Global PMI costs set to rise more than 10% but UK burden eases – WTW

Global health insurance costs are set to rise by more than 10% again next year, but the UK will buck the trend by posting a slight easing of inflation.

WTW’s survey of health insurers found the average cost of medical health benefits will increase by 10.3% globally next year, continuing the medium term trend.

This follows increases of 10% in 2025 and 9.5% in 2024. Regionally, the highest cost increases are expected in Asia Pacific at 14% while Latin America is predicting the sharpest acceleration in costs, from 10.5% this year to 11.9% in 2026.

The Middle East and Africa also expects to see above average healthcare cost increases at 11.3%, while medical inflation is anticipated to fall slightly in North America, from 9.4% this year to 9.2% in 2026, and in Europe from 8.3% to 8.2%.

However, while the UK’s healthcare inflation of 10.6% this year and 10% in 2026 remains among the highest in Western Europe, 2025 has so far seen this claims trend stabilise, with rates falling for some conditions.

 

Further cost increases on the horizon

WTW’s 2026 Global Medical Trends report surveyed 346 health insurers representing 82 countries, with input from the firm’s local brokers representing 54 countries.

According to the research, more than half (55%) of insurers surveyed expect further cost increases and for these elevated levels to persist for more than three years, driven by high medical costs, regional pressures on pharmacy and outpatient services and global structural factors.

These include new medical technologies.

This was cited as the top reason for increased costs with three-quarters (74%) of insurers naming it as the primary driver of medical inflation followed by the decline of public health systems (52%) and advancements in pharmaceuticals (49%).

Linda Pham, global health and risk leader for integrated and global solutions, WTW, said: “Despite variations in healthcare provision in different countries and regions around the world, rising medical costs are a consistent trend for all.
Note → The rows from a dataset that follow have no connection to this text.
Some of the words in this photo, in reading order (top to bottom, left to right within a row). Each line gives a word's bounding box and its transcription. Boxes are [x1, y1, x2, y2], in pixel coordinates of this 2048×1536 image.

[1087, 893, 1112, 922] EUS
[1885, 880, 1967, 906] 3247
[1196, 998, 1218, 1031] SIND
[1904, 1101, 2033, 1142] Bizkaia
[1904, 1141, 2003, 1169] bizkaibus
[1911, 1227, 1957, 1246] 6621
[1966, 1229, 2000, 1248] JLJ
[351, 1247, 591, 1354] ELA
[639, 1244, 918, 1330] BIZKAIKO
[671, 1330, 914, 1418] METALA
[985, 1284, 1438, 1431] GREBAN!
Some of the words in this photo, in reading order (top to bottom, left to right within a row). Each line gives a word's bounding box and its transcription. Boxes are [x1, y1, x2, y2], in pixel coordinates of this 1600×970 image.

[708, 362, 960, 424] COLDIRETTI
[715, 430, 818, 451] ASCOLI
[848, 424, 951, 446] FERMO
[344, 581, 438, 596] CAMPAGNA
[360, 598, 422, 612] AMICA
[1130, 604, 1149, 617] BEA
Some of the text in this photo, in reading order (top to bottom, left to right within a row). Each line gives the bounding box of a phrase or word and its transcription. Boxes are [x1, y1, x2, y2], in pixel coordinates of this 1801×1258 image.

“One glimmer of hope for employers is that investment in technologies, including AI, is leading to higher costs at the moment but following this phase new technologies are expected to reduce healthcare cost trends in the longer term.”

 

Cancer driving cost rises

When it comes to conditions, cancer is driving medical costs globally – named as the fastest growing and most expensive diagnosis for insurers in nearly every region, cited by 57% of insurers globally.

Three-quarters (75%) of insurers also observed an increase in cancer incidence among individuals under the age of 40.

But cardiovascular conditions (50%) are also growing significantly and rank second among the conditions driving medical claims costs, with behavioural health issues (37%) ranked third.

Kevin Newman, head of health and benefits Europe at WTW, said: “The challenge of navigating healthcare inflation for multinational employers requires strategic management.

“This can include investing in education for employees on the use of health benefits, raising awareness of prevention programmes for prevalent diseases like cancer, optimising mental health coverage, and introducing flexibility of benefits. 

“Through careful management, employers can make sure they are getting the most out of their healthcare benefits while managing cost inflation.”